The 1779 manuscript comprised only a general preface addressed to the ministers of state and five "Fundamental Articles." Conciliateur has a series of prefatory statements consisting of almost all new material. On the verso of the title page is a two-paragraph comment on the "infallibility" and universality of his proposal, which he expected would spread throughout the world and "extinguish the conflagration of War which at this moment is blazing [in America]." This was followed by an eloquent definition of peace, which ended with a paragraph stressing many of the points about durable treaties that Franklin had been trying to impress on the British: "In order that [peace] may be firm and lasting, it is absolutely necessary that its terms be just, that they cause no marked injury to any one, that the honor of all be found thereby conserved, and that every one may be able to glory in having consented cheerfully and with full knowledge, to all the conditions inserted in the final Treaty." Next came a petition to the king, an elaborately argued plea for Louis XVI to adopt his humble project, especially as it "would not cost anything": the cost of maintaining this peace would be insignificant compared to the ruinous expenditures of making war. This was followed by a circular letter to readers. As for the substance of the proposal, it was now presented in two sections. The number of articles was expanded from five to eight (the names were changed from "Fundamental Articles" to "Infallible Means," which was not necessarily an improvement), and the concluding section, "Objections and Replies," was wholly new.

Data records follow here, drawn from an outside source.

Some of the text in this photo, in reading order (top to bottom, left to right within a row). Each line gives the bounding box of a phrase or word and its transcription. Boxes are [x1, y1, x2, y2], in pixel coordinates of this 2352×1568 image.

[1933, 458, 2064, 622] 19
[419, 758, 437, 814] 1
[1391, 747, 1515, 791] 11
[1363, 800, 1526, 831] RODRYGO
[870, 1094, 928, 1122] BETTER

Trying to gauge Franklin's influence on Conciliateur, in the absence of the manuscript Gargaz brought from Provence, is a complicated as well as speculative exercise. First, and most obviously, one must locate the elements in Conciliateur that differ from what was in Gargaz's 1779 proposal. Second, one must try to identify and discount those elements that were derived from the work Gargaz said he used as his model: the peace project of the abbé de Saint-Pierre. It is at this point in the investigation that a researcher's admiration for Gargaz turns into something closer to amazement. To draft his proposals for reforming the alphabet and the penal system, all the galley slave had needed—besides native intelligence and the time to reflect—were paper, ink, and a quill. For his perpetual peace project he needed access to someone's private library, a great deal of time to read, and extraordinary dedication.

The abbé de Saint-Pierre, known as a devoted humanitarian, was not known for his brevity. His magnum opus was Projet pour rendre la paix perpétuelle en Europe, 1,385 pages of text that filled three thick octavo volumes. The first two appeared in 1713, and the third was published three years later; the place of publication on all three was given as Utrecht. Was [End Page 163] that the edition that Gargaz read? The question is important, because the various editions of Saint-Pierre's work differ greatly. In the 1779 manuscript he sent to Franklin, Gargaz stated that the abbé's work was based on a proposal by Henry IV and was published in Cologne and Utrecht around 1712. The first edition of the abbé's work did indeed appear in Cologne in 1712, while France and England were negotiating an end to the War of Spanish Succession, but it was issued anonymously.28 The author's name was first revealed in the third volume of his Projet pour rendres la paix perpétuelle en Europe, in a "Note from the Bookseller to the Reader" that also specified the first edition's year and place of publication. This volume must have been the source of Gargaz's information. What of Henry IV? Volume 1 of Projet advertised itself as being based on the king's proposal. By volume 3, however, Saint-Pierre had learned that Henry's project was actually written by his chief minister, the duc de Sully. Gargaz himself added Sully's name to his 1782 treatise. From this bibliographic evidence alone, it seems likely that Gargaz had access to the three massive volumes of Saint-Pierre's Projet and reread them over time. One wonders how he would have felt if he had known that the abbé published an "Abridgment" in 1728—a mere 227 pages in length, and substantially revised as well as abridged—and that Jean-Jacques Rousseau, at the request of Saint-Pierre's nephew, published a twenty-one-page abstract of that abridgment in 1761, after the abbé had died.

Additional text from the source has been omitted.